I dont know, just keep at it, a bit of aching and tenderness, as long as it doesnt feel like injury is fine. I've been aching like mad all weekend, not sure if its because of my 1st 50 mile ride, or because of some dude in his tin can knocking me off 

Can I enquire, does the Garmin have 5 or 6 HR zones? You only mentioned up to zone 5 in your prev post, I dont know if that means you didnt go into zone 6 at all or if the Garmin doesnt have a zone 6. It doesnt matter all that much, just curious.


----------



## gb155 (12 Apr 2010)

Ouch you got knocked off? Hope your ok mate ?

did 20 miles again before work, really really tender to the touch, but walking and cycling (Im sure, not left work yet, but it was on friday) are fine with no pain at all.

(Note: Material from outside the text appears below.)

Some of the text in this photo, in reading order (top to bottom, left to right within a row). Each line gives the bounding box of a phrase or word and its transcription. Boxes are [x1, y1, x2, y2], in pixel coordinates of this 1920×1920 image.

well done on your first 50 miler though 

Im pretty sure it only has 5 zone, I hit 98% of MHR and was in zone 5.9, so actually that means it has 6 doesnt it ?

Hope that helps 

Gaz


----------



## Rob3rt (12 Apr 2010)

Im totally fine  Driver acknowledged it was his fault, was very apologetic, no injuries that I can tell and bike almost unscathed. Not taking anything any further, everyone makes mistakes.

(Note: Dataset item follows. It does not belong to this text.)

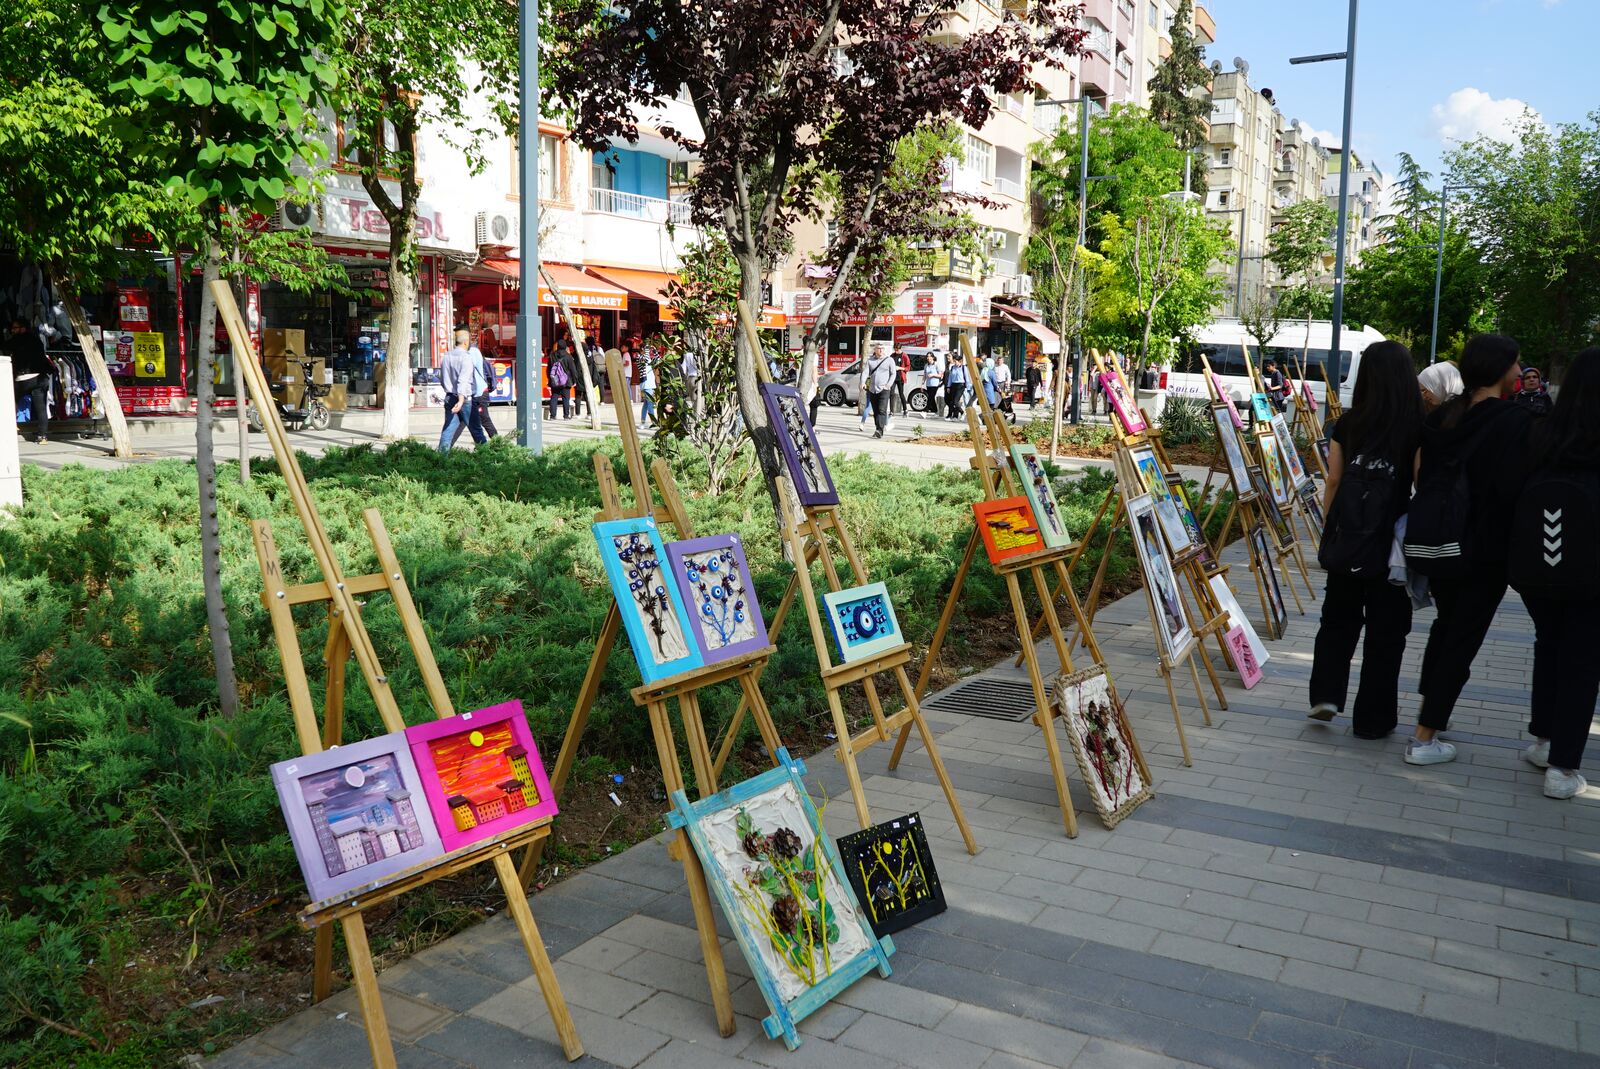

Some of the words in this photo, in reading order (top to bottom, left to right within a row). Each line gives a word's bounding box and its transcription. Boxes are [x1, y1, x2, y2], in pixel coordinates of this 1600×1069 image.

[340, 197, 449, 242] Teal
[581, 295, 623, 307] MARKET
[137, 344, 147, 352] 25
[148, 344, 162, 352] GB

If its tender to the touch, dont prod  Thanks for clarification on zone, doesnt make much difference, its just split things up into less zone, hence each zone covers a larger proportion.


----------



## gb155 (14 Apr 2010)

Rob3rt said:


> Im totally fine  Driver acknowledged it was his fault, was very apologetic, no injuries that I can tell and bike almost unscathed. Not taking anything any further, everyone makes mistakes.
> 
> If its tender to the touch, dont prod  Thanks for clarification on zone, doesnt make much difference, its just split things up into less zone, hence each zone covers a larger proportion.



Glad all is ok, nice that the driver held his (or her) hands up, as cyclists and motorists we need to exisit together, Im sure you dealing with it how you have will go some way to a little harmoney, all too much after an accident people just want to put the boot into each other.....anways LOLOL



Re Zones: 

you have 

0.1-0.9
1.1-1.9
2.1-2.9
3.1-3.9
4.1-4.9
5.1-5.9

So on the face of it there are 5, but if you count the whole range there is 6, I love my Garmin


----------



## jimboalee (14 Apr 2010)

Had a look in the Garmin 705 manual.

Page 35.
"Heart rate zones".

You can have them 'Based on Max' or 'Custom' ???? 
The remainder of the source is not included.